─── DATA UNDER STUDY ───

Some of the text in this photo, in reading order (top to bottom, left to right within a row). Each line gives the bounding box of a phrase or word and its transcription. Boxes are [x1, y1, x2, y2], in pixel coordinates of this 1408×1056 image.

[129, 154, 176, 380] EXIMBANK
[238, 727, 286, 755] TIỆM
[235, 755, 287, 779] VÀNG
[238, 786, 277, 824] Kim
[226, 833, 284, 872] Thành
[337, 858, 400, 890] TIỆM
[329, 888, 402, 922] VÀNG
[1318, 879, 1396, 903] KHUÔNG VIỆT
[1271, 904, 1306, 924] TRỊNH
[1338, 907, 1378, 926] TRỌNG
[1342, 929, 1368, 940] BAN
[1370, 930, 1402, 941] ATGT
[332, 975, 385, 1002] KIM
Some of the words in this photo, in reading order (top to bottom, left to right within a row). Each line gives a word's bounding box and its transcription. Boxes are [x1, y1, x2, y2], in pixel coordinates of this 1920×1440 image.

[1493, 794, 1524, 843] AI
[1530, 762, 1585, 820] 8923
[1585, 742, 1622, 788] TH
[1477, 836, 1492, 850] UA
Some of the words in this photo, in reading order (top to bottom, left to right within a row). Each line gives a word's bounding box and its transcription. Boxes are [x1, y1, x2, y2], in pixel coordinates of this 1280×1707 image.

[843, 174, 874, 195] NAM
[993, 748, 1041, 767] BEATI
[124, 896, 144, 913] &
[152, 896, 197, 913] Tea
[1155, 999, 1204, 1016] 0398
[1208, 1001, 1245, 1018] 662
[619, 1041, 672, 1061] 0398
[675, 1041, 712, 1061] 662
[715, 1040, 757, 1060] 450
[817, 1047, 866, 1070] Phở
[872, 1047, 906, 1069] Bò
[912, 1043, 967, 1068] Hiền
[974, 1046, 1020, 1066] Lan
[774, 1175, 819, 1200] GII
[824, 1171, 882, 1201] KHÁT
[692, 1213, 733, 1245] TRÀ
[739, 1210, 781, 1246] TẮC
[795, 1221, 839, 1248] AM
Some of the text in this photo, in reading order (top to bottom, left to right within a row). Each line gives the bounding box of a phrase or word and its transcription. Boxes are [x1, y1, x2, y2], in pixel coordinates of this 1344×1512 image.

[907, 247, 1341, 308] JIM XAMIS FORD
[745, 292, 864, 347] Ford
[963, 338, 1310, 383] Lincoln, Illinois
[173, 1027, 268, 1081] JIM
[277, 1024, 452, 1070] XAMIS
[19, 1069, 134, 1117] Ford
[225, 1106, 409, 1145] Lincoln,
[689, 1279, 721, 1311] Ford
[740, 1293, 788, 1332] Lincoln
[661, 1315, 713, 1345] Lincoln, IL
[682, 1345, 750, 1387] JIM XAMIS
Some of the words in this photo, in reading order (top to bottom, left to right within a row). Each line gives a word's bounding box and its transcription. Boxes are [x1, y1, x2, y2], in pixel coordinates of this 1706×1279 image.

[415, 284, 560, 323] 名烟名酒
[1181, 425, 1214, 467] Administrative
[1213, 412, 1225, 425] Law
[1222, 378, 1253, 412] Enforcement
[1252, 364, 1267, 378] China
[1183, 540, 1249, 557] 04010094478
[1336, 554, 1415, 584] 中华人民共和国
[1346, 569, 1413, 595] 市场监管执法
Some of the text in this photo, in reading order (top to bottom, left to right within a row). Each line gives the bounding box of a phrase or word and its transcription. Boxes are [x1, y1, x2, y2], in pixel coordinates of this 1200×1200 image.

───

• **PROMPT**:
All of the entries are to be transcribed exactly.

• **EXPECTED OUTPUT**:
Some of the text in this photo, in reading order (top to bottom, left to right within a row). Each line gives the bounding box of a phrase or word and its transcription. Boxes are [x1, y1, x2, y2], in pixel coordinates of this 1408×1056 image.

[129, 154, 176, 380] EXIMBANK
[238, 727, 286, 755] TIỆM
[235, 755, 287, 779] VÀNG
[238, 786, 277, 824] Kim
[226, 833, 284, 872] Thành
[337, 858, 400, 890] TIỆM
[329, 888, 402, 922] VÀNG
[1318, 879, 1396, 903] KHUÔNG VIỆT
[1271, 904, 1306, 924] TRỊNH
[1338, 907, 1378, 926] TRỌNG
[1342, 929, 1368, 940] BAN
[1370, 930, 1402, 941] ATGT
[332, 975, 385, 1002] KIM
Some of the words in this photo, in reading order (top to bottom, left to right within a row). Each line gives a word's bounding box and its transcription. Boxes are [x1, y1, x2, y2], in pixel coordinates of this 1920×1440 image.

[1493, 794, 1524, 843] AI
[1530, 762, 1585, 820] 8923
[1585, 742, 1622, 788] TH
[1477, 836, 1492, 850] UA
Some of the words in this photo, in reading order (top to bottom, left to right within a row). Each line gives a word's bounding box and its transcription. Boxes are [x1, y1, x2, y2], in pixel coordinates of this 1280×1707 image.

[843, 174, 874, 195] NAM
[993, 748, 1041, 767] BEATI
[124, 896, 144, 913] &
[152, 896, 197, 913] Tea
[1155, 999, 1204, 1016] 0398
[1208, 1001, 1245, 1018] 662
[619, 1041, 672, 1061] 0398
[675, 1041, 712, 1061] 662
[715, 1040, 757, 1060] 450
[817, 1047, 866, 1070] Phở
[872, 1047, 906, 1069] Bò
[912, 1043, 967, 1068] Hiền
[974, 1046, 1020, 1066] Lan
[774, 1175, 819, 1200] GII
[824, 1171, 882, 1201] KHÁT
[692, 1213, 733, 1245] TRÀ
[739, 1210, 781, 1246] TẮC
[795, 1221, 839, 1248] AM
Some of the text in this photo, in reading order (top to bottom, left to right within a row). Each line gives the bounding box of a phrase or word and its transcription. Boxes are [x1, y1, x2, y2], in pixel coordinates of this 1344×1512 image.

[907, 247, 1341, 308] JIM XAMIS FORD
[745, 292, 864, 347] Ford
[963, 338, 1310, 383] Lincoln, Illinois
[173, 1027, 268, 1081] JIM
[277, 1024, 452, 1070] XAMIS
[19, 1069, 134, 1117] Ford
[225, 1106, 409, 1145] Lincoln,
[689, 1279, 721, 1311] Ford
[740, 1293, 788, 1332] Lincoln
[661, 1315, 713, 1345] Lincoln, IL
[682, 1345, 750, 1387] JIM XAMIS
Some of the words in this photo, in reading order (top to bottom, left to right within a row). Each line gives a word's bounding box and its transcription. Boxes are [x1, y1, x2, y2], in pixel coordinates of this 1706×1279 image.

[415, 284, 560, 323] 名烟名酒
[1181, 425, 1214, 467] Administrative
[1213, 412, 1225, 425] Law
[1222, 378, 1253, 412] Enforcement
[1252, 364, 1267, 378] China
[1183, 540, 1249, 557] 04010094478
[1336, 554, 1415, 584] 中华人民共和国
[1346, 569, 1413, 595] 市场监管执法
Some of the text in this photo, in reading order (top to bottom, left to right within a row). Each line gives the bounding box of a phrase or word and its transcription. Boxes are [x1, y1, x2, y2], in pixel coordinates of this 1200×1200 image.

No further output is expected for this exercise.